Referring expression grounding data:
>>>
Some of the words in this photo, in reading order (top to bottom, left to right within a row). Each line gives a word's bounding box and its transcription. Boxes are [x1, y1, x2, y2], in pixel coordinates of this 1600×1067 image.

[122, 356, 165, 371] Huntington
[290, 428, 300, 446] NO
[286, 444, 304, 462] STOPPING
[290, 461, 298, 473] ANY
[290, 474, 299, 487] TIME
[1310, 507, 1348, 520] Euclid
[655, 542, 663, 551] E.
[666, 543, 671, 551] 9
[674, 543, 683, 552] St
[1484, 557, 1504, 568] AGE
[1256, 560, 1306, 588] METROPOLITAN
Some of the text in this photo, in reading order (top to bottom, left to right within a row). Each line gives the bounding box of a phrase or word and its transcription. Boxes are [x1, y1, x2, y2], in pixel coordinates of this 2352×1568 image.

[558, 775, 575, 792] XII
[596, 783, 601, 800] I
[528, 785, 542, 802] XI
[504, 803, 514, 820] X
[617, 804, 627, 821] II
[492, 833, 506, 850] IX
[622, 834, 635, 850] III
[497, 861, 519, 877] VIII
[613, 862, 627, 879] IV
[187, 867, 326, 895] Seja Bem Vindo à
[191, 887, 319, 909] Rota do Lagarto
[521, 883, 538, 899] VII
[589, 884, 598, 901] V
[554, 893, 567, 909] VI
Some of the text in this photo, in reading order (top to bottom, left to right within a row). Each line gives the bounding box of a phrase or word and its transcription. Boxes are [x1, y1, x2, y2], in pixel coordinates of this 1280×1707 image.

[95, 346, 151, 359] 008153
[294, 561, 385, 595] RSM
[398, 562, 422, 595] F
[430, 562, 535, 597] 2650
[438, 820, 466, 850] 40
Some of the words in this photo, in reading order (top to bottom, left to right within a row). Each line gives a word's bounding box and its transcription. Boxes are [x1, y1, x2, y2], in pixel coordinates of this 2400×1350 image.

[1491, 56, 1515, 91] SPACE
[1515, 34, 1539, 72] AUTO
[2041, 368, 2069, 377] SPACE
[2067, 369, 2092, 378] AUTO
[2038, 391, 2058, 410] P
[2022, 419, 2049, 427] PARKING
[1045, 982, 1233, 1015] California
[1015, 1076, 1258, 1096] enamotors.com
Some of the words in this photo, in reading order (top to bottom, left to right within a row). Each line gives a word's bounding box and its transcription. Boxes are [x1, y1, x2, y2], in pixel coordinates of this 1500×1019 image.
<<<
The records above are to be reproduced exactly, with nothing left out.

EXERCISE RESULT
Some of the words in this photo, in reading order (top to bottom, left to right within a row). Each line gives a word's bounding box and its transcription. Boxes are [x1, y1, x2, y2], in pixel coordinates of this 1600×1067 image.

[122, 356, 165, 371] Huntington
[290, 428, 300, 446] NO
[286, 444, 304, 462] STOPPING
[290, 461, 298, 473] ANY
[290, 474, 299, 487] TIME
[1310, 507, 1348, 520] Euclid
[655, 542, 663, 551] E.
[666, 543, 671, 551] 9
[674, 543, 683, 552] St
[1484, 557, 1504, 568] AGE
[1256, 560, 1306, 588] METROPOLITAN
Some of the text in this photo, in reading order (top to bottom, left to right within a row). Each line gives the bounding box of a phrase or word and its transcription. Boxes are [x1, y1, x2, y2], in pixel coordinates of this 2352×1568 image.

[558, 775, 575, 792] XII
[596, 783, 601, 800] I
[528, 785, 542, 802] XI
[504, 803, 514, 820] X
[617, 804, 627, 821] II
[492, 833, 506, 850] IX
[622, 834, 635, 850] III
[497, 861, 519, 877] VIII
[613, 862, 627, 879] IV
[187, 867, 326, 895] Seja Bem Vindo à
[191, 887, 319, 909] Rota do Lagarto
[521, 883, 538, 899] VII
[589, 884, 598, 901] V
[554, 893, 567, 909] VI
Some of the text in this photo, in reading order (top to bottom, left to right within a row). Each line gives the bounding box of a phrase or word and its transcription. Boxes are [x1, y1, x2, y2], in pixel coordinates of this 1280×1707 image.

[95, 346, 151, 359] 008153
[294, 561, 385, 595] RSM
[398, 562, 422, 595] F
[430, 562, 535, 597] 2650
[438, 820, 466, 850] 40
Some of the words in this photo, in reading order (top to bottom, left to right within a row). Each line gives a word's bounding box and its transcription. Boxes are [x1, y1, x2, y2], in pixel coordinates of this 2400×1350 image.

[1491, 56, 1515, 91] SPACE
[1515, 34, 1539, 72] AUTO
[2041, 368, 2069, 377] SPACE
[2067, 369, 2092, 378] AUTO
[2038, 391, 2058, 410] P
[2022, 419, 2049, 427] PARKING
[1045, 982, 1233, 1015] California
[1015, 1076, 1258, 1096] enamotors.com
Some of the words in this photo, in reading order (top to bottom, left to right within a row). Each line gives a word's bounding box and its transcription. Boxes are [x1, y1, x2, y2], in pixel coordinates of this 1500×1019 image.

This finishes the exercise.